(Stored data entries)

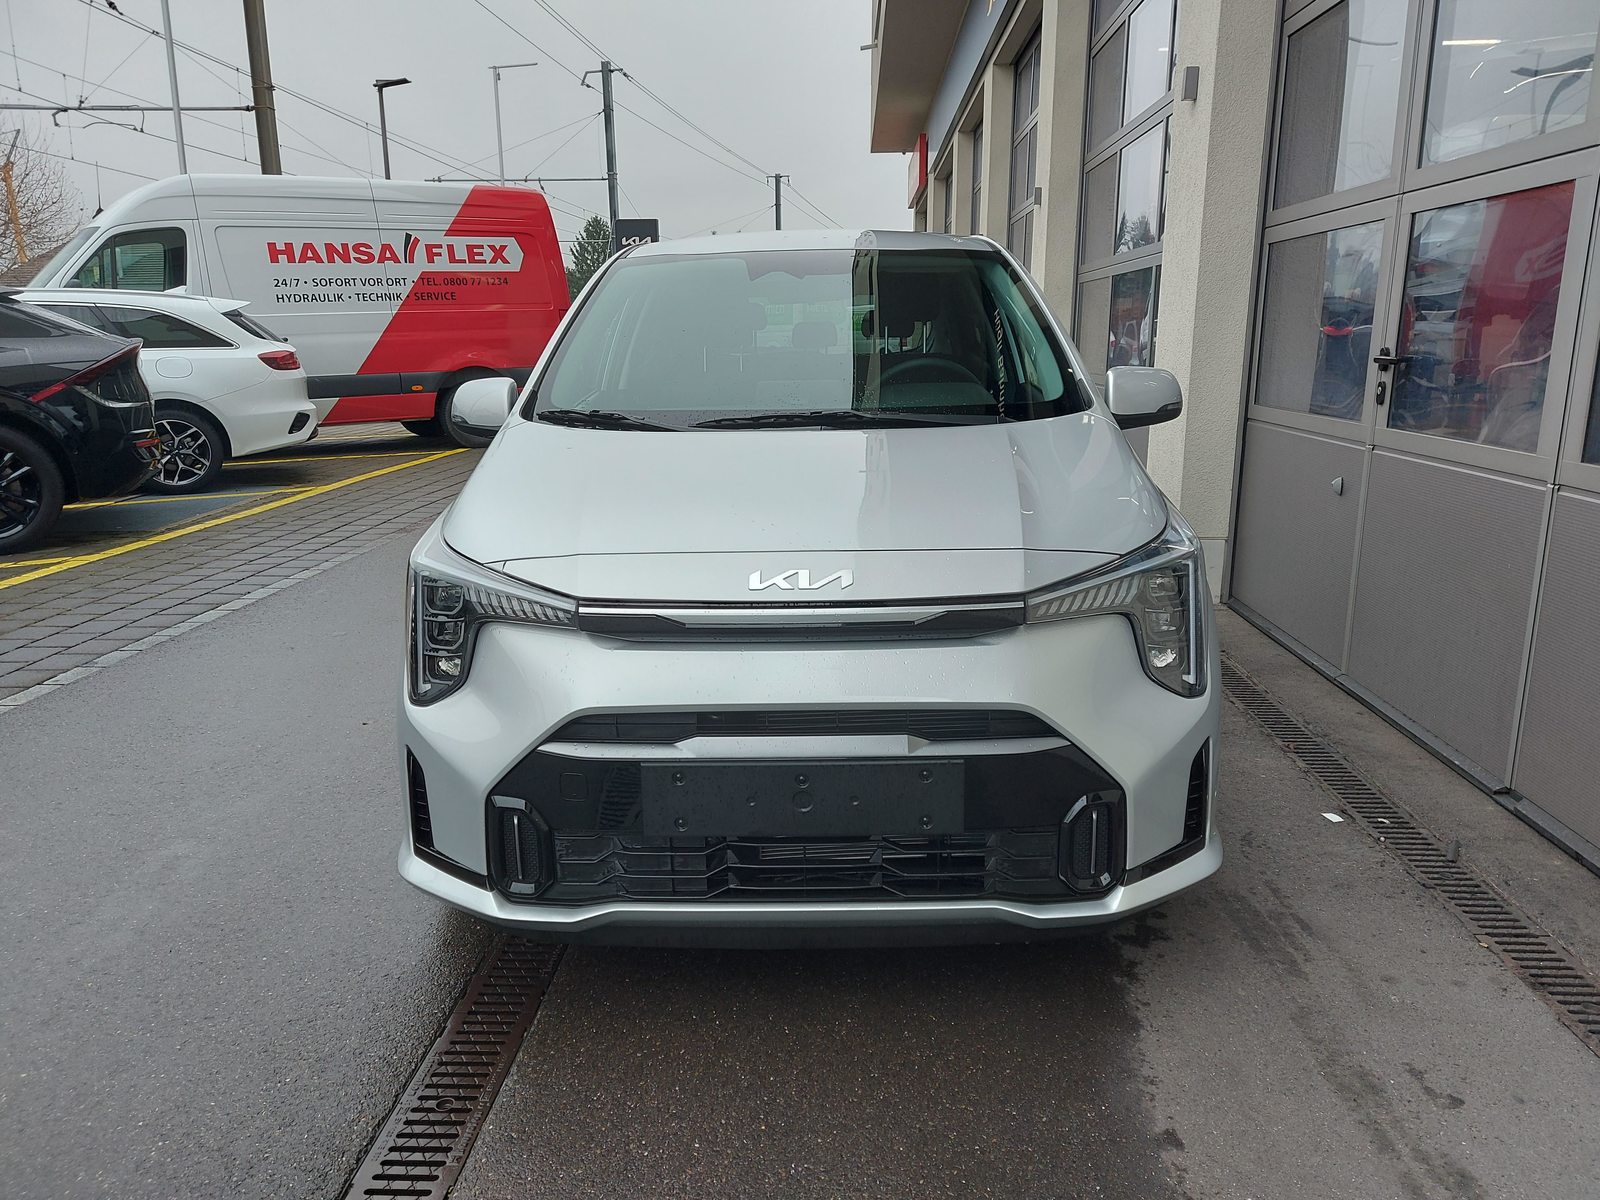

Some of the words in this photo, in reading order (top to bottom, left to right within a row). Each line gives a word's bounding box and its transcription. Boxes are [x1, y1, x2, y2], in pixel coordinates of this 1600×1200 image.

[266, 242, 402, 265] HANSA
[424, 243, 511, 265] FLEX
[273, 278, 300, 288] 24/7
[312, 277, 357, 288] SOFORT
[359, 277, 384, 287] VOR
[386, 277, 408, 287] ORT
[420, 277, 441, 286] TEL.
[444, 277, 468, 286] 0800
[471, 277, 482, 286] 77
[486, 276, 509, 286] 1234
[275, 292, 345, 303] HYDRAULIK
[355, 291, 403, 302] TECHNIK
[414, 291, 457, 301] SERVICE
[748, 569, 854, 591] KIA

### Directions for this task
Copy every entry word for word, but omit the pictures.

### Worked solution
Some of the words in this photo, in reading order (top to bottom, left to right within a row). Each line gives a word's bounding box and its transcription. Boxes are [x1, y1, x2, y2], in pixel coordinates of this 1600×1200 image.

[266, 242, 402, 265] HANSA
[424, 243, 511, 265] FLEX
[273, 278, 300, 288] 24/7
[312, 277, 357, 288] SOFORT
[359, 277, 384, 287] VOR
[386, 277, 408, 287] ORT
[420, 277, 441, 286] TEL.
[444, 277, 468, 286] 0800
[471, 277, 482, 286] 77
[486, 276, 509, 286] 1234
[275, 292, 345, 303] HYDRAULIK
[355, 291, 403, 302] TECHNIK
[414, 291, 457, 301] SERVICE
[748, 569, 854, 591] KIA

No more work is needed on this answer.